= Assigned task =
Only the pictures are dropped. Restate each line below word for word.

(Collected data)
*** Begin section ***

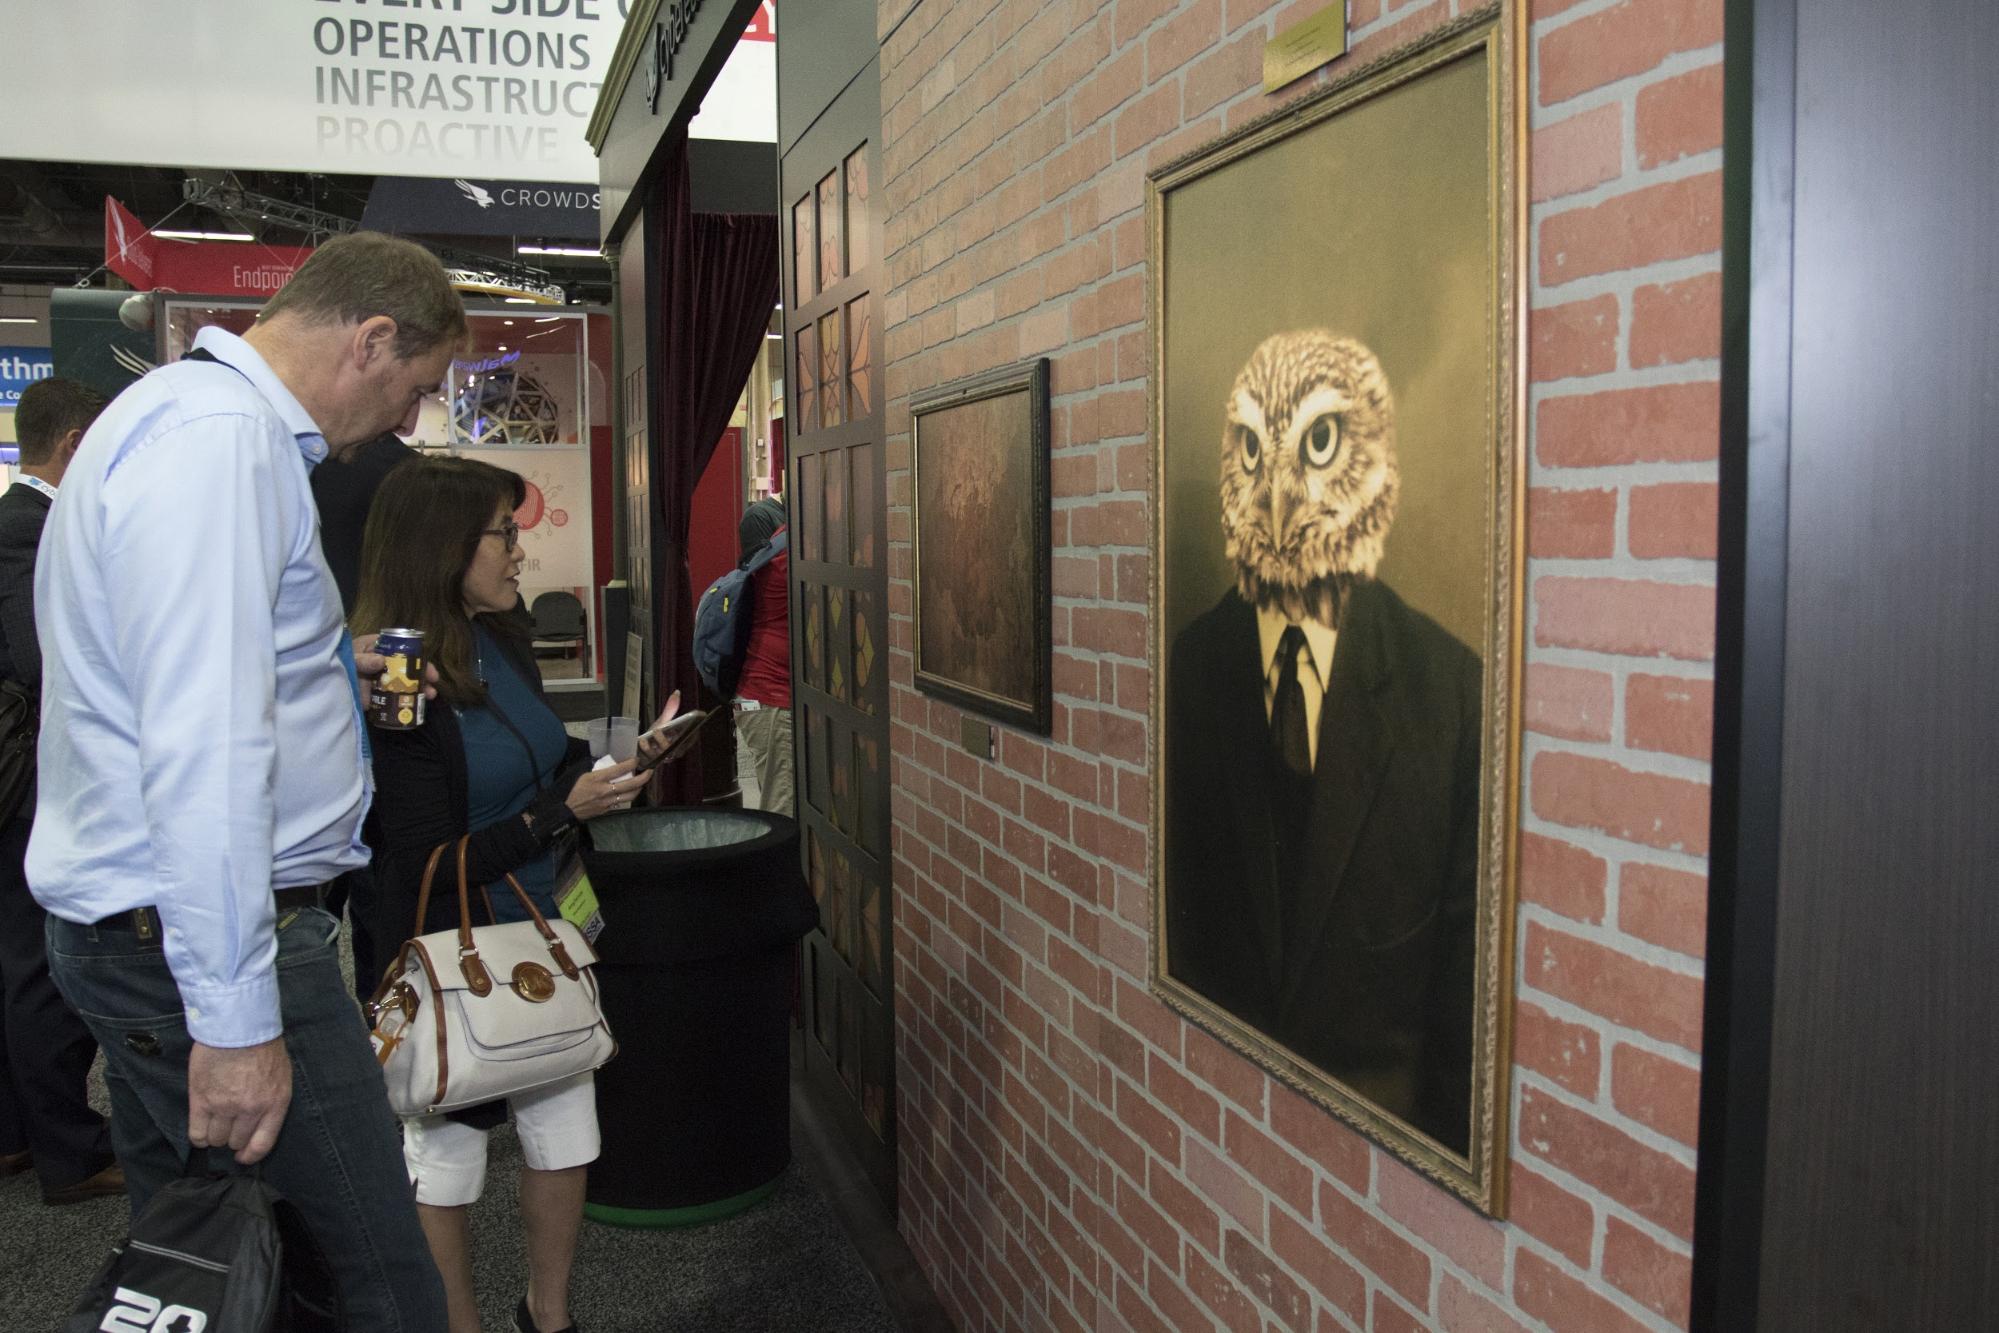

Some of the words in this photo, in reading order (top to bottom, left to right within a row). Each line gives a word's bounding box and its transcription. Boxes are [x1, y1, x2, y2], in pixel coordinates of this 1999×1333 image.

[313, 16, 590, 70] OPERATIONS
[316, 115, 558, 161] PROACTIVE
[501, 188, 600, 210] CROWDS
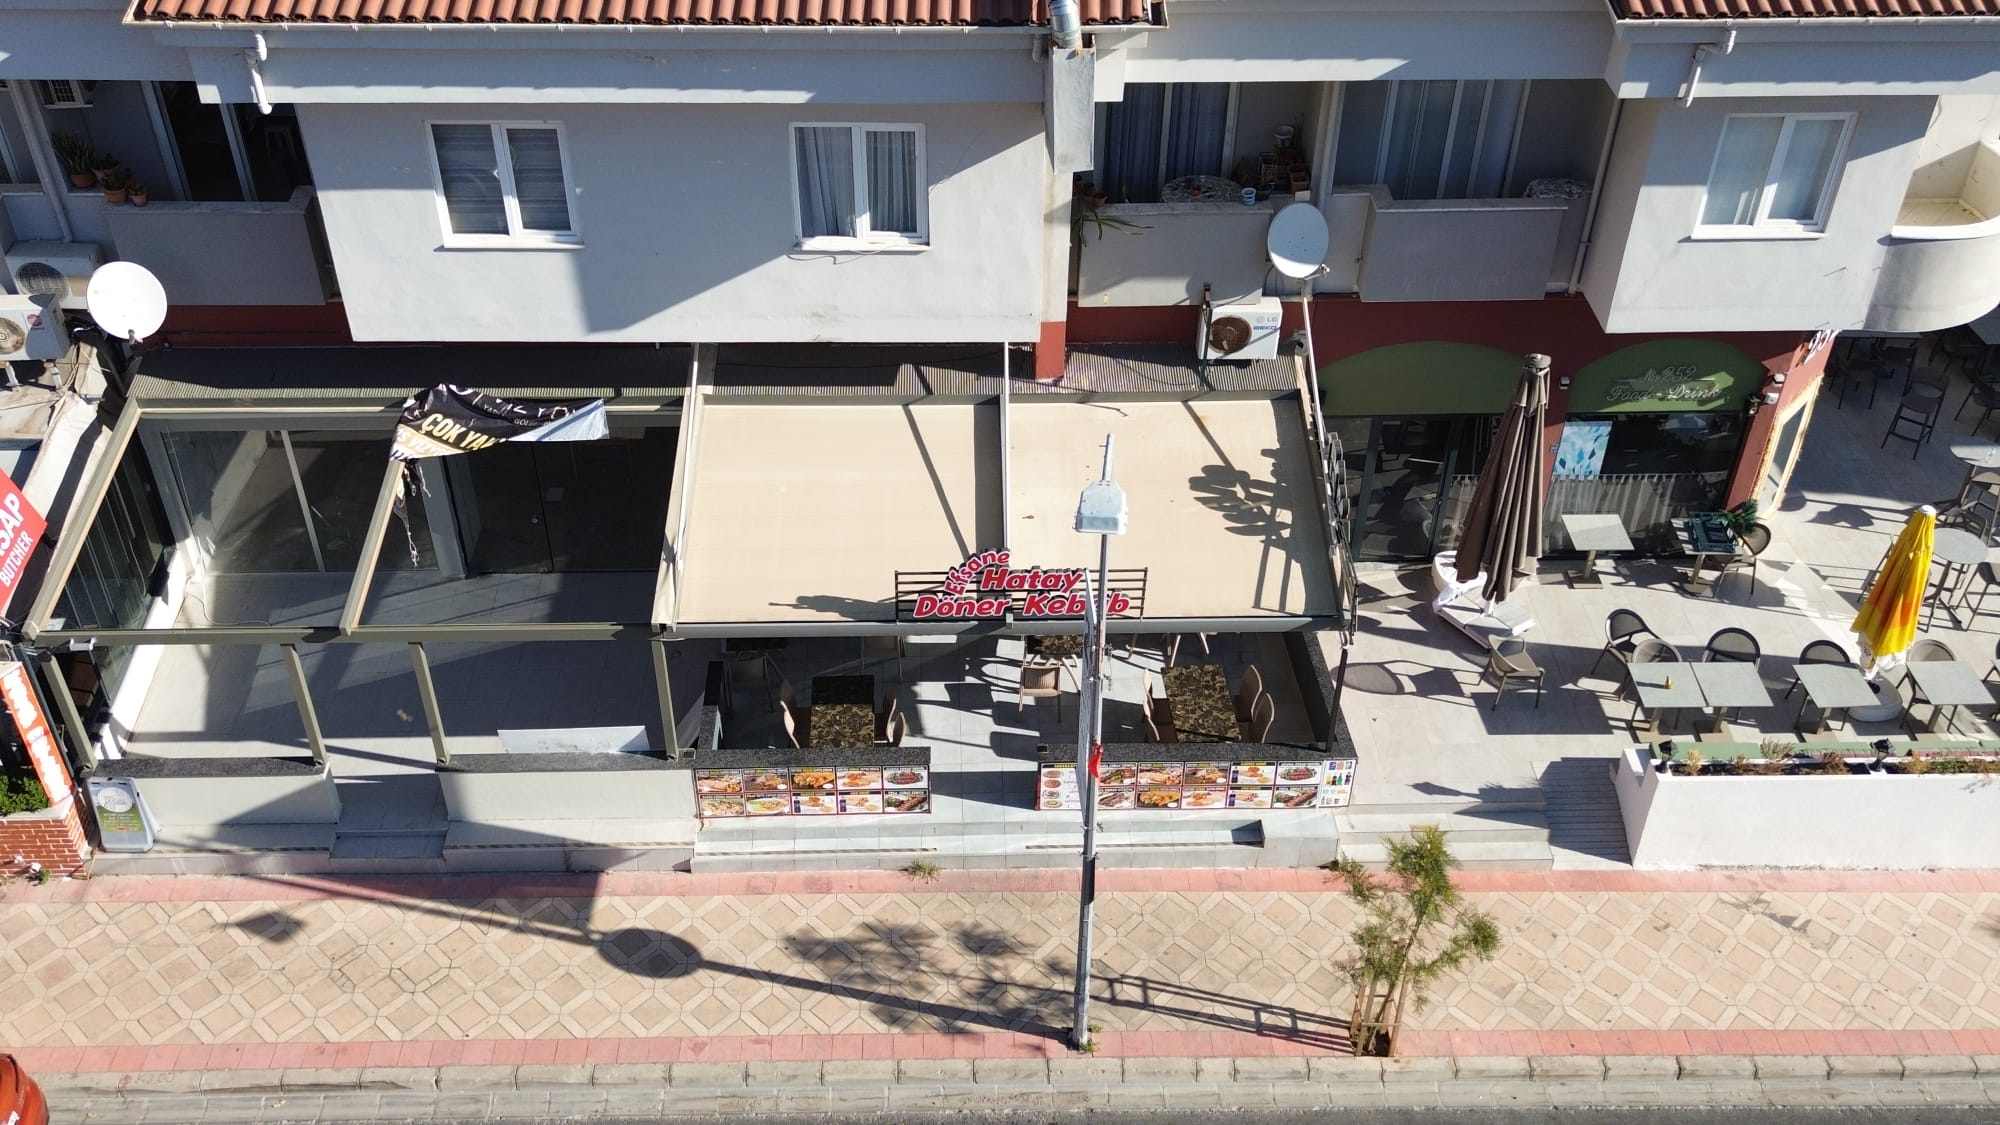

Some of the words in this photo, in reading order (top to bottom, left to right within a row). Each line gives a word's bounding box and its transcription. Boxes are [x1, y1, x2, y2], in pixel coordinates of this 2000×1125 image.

[1661, 365, 1697, 381] 252
[1606, 383, 1655, 402] Food
[1667, 382, 1720, 400] Drink
[419, 413, 467, 444] ÇOK
[0, 530, 34, 588] BUTCHER
[944, 551, 1010, 596] Efsane
[981, 567, 1083, 594] Hatay
[913, 594, 1012, 617] Döner
[1023, 592, 1130, 616] Kebb

*** End section ***

= Answer below =
Some of the words in this photo, in reading order (top to bottom, left to right within a row). Each line gives a word's bounding box and its transcription. Boxes are [x1, y1, x2, y2], in pixel coordinates of this 1999×1333 image.

[313, 16, 590, 70] OPERATIONS
[316, 115, 558, 161] PROACTIVE
[501, 188, 600, 210] CROWDS

Some of the words in this photo, in reading order (top to bottom, left to right within a row). Each line gives a word's bounding box and its transcription. Boxes are [x1, y1, x2, y2], in pixel coordinates of this 2000×1125 image.

[1661, 365, 1697, 381] 252
[1606, 383, 1655, 402] Food
[1667, 382, 1720, 400] Drink
[419, 413, 467, 444] ÇOK
[0, 530, 34, 588] BUTCHER
[944, 551, 1010, 596] Efsane
[981, 567, 1083, 594] Hatay
[913, 594, 1012, 617] Döner
[1023, 592, 1130, 616] Kebb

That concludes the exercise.